The assistant indicated the patient – not the prince but a young woman sitting nearby, looking wan. I took her into another room to deliver my care. She was an American in her twenties, and I wondered why she was in the prince’s room at this hour. Perhaps she was a prostitute, but she seemed nice.  

When I returned to the bedroom, the prince thanked me for coming, adding that he had a personal problem. He suffered crippling back pain and had run out of medication. Could I help? As we talked, I noticed the assistant waggling his finger in a gesture indicating that I should not pursue the matter. I took the hint.

Accompanying me to the elevator, the assistant explained that everyone preferred that the prince’s doctor handle the prince’s drugs.
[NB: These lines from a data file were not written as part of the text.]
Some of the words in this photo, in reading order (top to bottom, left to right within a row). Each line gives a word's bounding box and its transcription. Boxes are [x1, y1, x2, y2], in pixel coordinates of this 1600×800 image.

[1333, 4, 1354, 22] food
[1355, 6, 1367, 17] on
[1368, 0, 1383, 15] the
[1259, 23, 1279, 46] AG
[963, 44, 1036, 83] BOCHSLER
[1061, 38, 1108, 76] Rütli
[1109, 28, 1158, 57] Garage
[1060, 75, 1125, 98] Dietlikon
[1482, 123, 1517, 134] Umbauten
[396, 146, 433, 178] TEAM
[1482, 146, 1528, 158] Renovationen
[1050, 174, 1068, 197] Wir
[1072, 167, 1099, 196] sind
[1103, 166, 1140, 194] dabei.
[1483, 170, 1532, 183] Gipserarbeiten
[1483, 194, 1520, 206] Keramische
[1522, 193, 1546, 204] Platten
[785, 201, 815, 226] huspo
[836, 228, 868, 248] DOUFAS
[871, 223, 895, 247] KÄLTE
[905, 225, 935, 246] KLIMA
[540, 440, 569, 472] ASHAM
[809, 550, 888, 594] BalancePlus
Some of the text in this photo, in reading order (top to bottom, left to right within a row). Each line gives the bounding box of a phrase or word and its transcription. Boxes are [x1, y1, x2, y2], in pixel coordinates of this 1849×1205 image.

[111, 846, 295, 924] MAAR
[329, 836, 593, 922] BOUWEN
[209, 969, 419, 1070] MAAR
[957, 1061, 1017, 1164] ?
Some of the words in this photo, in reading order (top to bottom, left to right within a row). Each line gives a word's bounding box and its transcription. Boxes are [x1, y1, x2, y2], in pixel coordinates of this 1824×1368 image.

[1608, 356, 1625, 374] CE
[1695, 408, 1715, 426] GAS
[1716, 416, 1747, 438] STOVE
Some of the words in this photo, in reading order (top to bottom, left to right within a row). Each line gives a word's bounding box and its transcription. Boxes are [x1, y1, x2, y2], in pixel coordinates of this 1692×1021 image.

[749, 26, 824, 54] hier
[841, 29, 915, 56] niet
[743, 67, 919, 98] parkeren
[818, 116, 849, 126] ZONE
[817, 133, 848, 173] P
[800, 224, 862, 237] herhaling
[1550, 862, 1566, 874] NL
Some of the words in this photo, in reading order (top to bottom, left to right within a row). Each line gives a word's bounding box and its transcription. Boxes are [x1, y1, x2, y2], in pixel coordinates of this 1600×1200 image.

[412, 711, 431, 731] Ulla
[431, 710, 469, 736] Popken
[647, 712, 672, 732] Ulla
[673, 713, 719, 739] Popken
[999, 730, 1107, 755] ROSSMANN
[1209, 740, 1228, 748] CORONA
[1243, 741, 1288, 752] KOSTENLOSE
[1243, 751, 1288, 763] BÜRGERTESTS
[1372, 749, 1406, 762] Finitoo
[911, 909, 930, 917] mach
Then he pulled out a sheaf of bills and paid me far too much. I don’t decline tips from the very rich.

Most Arabs that I see are ordinary people, but over thirty years the occasional prince turns up. They pay generously and provide material for this blog .

Sunday, July 12, 2020

Losing Two Out of Three


A guest at the Hollywood Heights with an upset stomach requested my services. I had barely hung up when an Englishman at the Shangri-La wanted a doctor for a respiratory infection. These hotels were not convenient – the Hollywood Heights is ten miles east, the Shangri-La in Santa Monica five miles west. But two visits make for a good day, so I drove off in a pleasant mood.

As I approached Hollywood, the phone rang. My heart sank when I learned the caller was the Sheraton in Pasadena, twenty miles away – thirty from Santa Monica.  
  
Having visits pile up, especially those with long drives, oppresses me, so this was one I’d prefer to skip.

This guest’s husband, who was driving to the hotel from the airport, was suffering a cough and sore throat and wanted a doctor when he arrived. Launching my no-visit effort, I explained that viral infections cause these symptoms in almost all cases, so a doctor can do little except relieve symptoms. I suggested that she discuss this with her husband when he arrived. She agreed. With that weight off my shoulders, I continued on to the Hollywood Heights.

After finishing, I reversed my course and headed for Santa Monica. As I neared the hotel my phone rang. “A friend of mine found a bottle of amoxicillin,” said the Shangri-La guest. “I think I’ll give it a try and save you the trip.”

Having lost that visit, I immediately called the Pasadena Sheraton. The husband had arrived, and they had decided to wait.